All entries below must be retyped exactly, though pictures are to be skipped.

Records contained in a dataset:
++++++++++

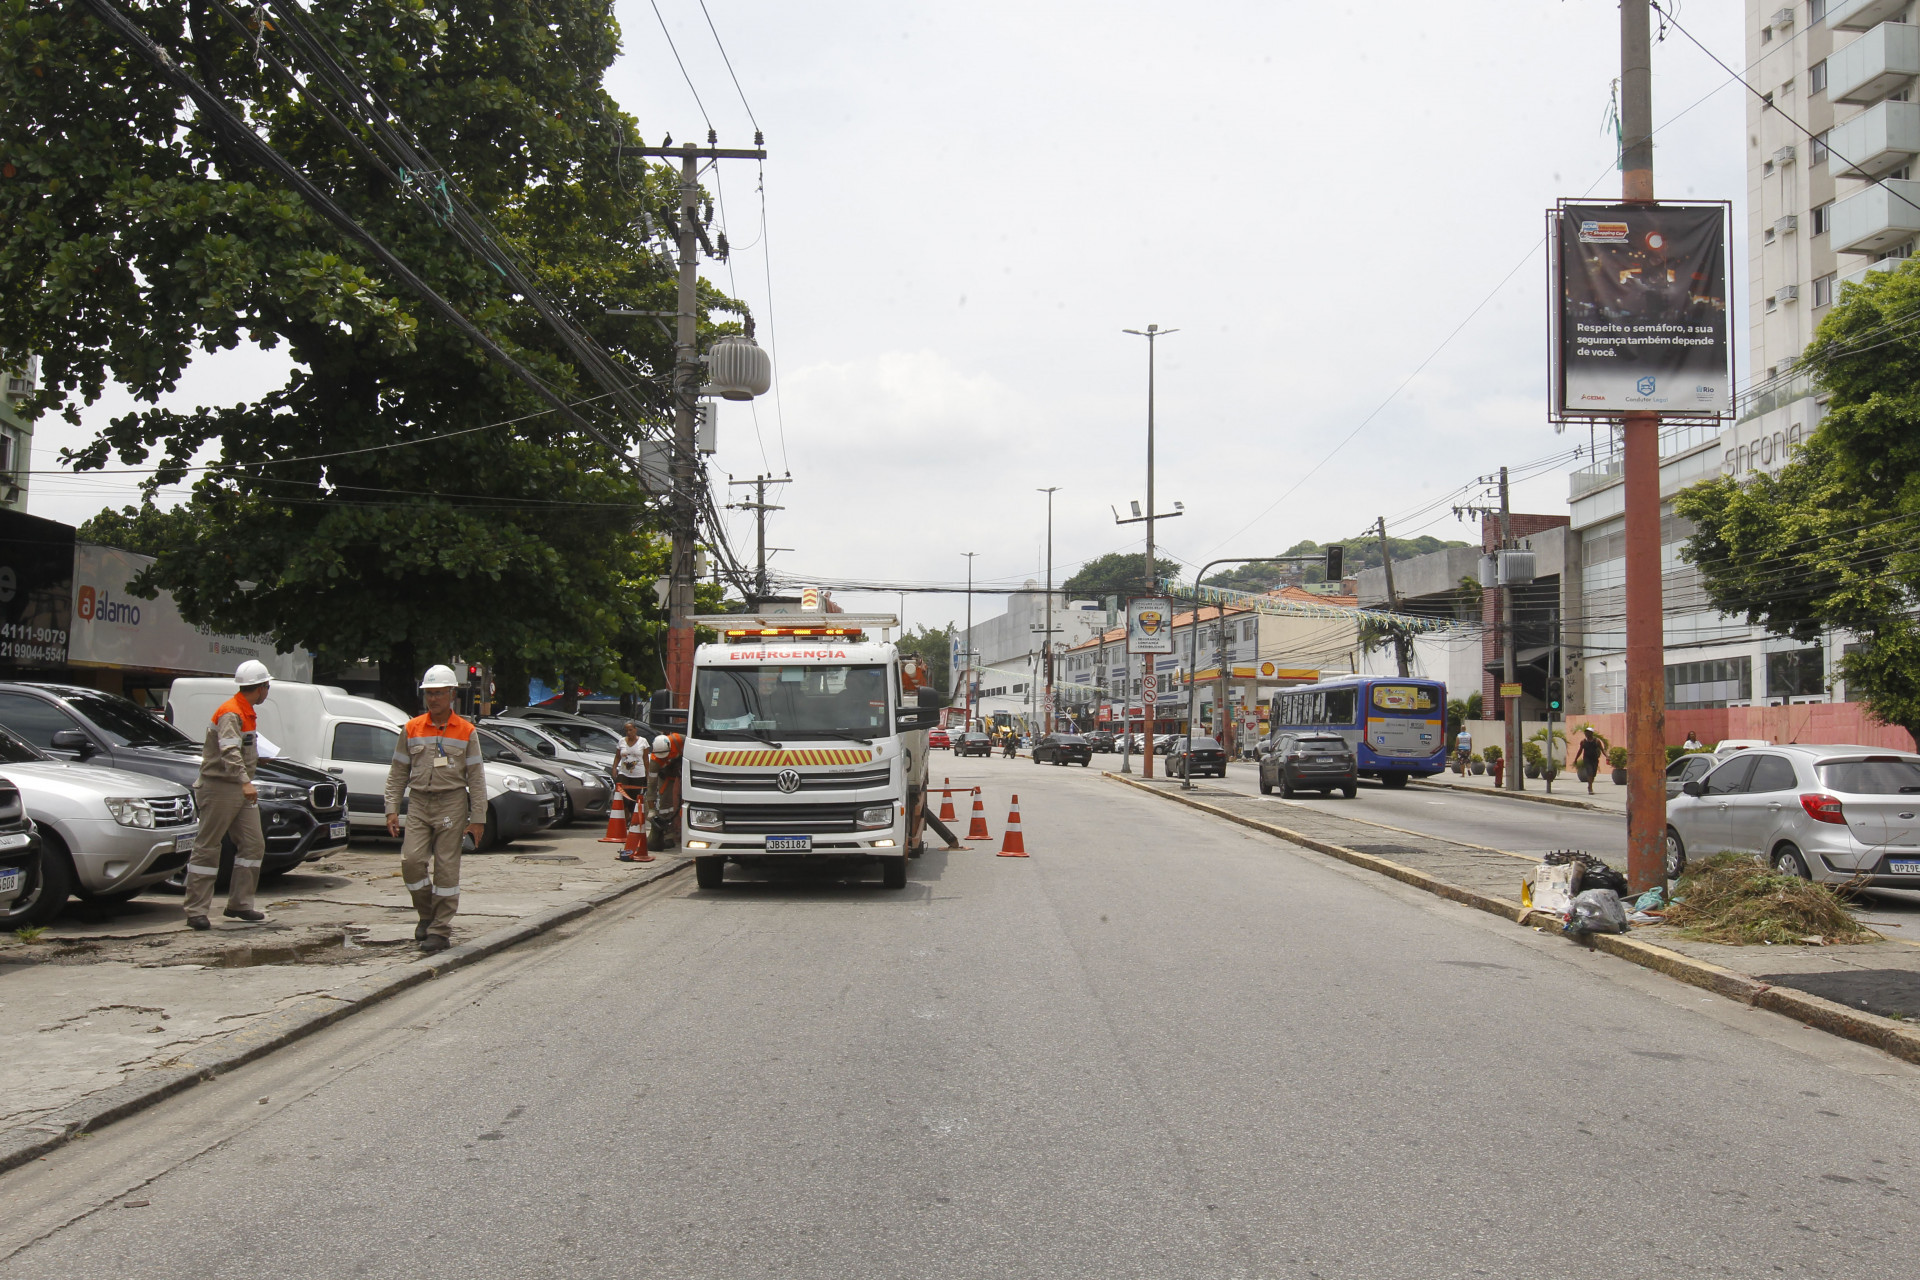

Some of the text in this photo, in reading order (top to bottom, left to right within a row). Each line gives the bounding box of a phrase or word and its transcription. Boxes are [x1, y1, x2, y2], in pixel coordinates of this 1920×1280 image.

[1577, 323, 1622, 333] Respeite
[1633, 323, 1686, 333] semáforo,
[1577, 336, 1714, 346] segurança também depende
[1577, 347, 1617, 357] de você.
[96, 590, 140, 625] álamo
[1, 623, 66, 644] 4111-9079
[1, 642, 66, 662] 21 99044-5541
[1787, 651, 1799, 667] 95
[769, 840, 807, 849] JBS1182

++++++++++

* **Written answer**
Some of the text in this photo, in reading order (top to bottom, left to right within a row). Each line gives the bounding box of a phrase or word and its transcription. Boxes are [x1, y1, x2, y2], in pixel coordinates of this 1920×1280 image.

[1577, 323, 1622, 333] Respeite
[1633, 323, 1686, 333] semáforo,
[1577, 336, 1714, 346] segurança também depende
[1577, 347, 1617, 357] de você.
[96, 590, 140, 625] álamo
[1, 623, 66, 644] 4111-9079
[1, 642, 66, 662] 21 99044-5541
[1787, 651, 1799, 667] 95
[769, 840, 807, 849] JBS1182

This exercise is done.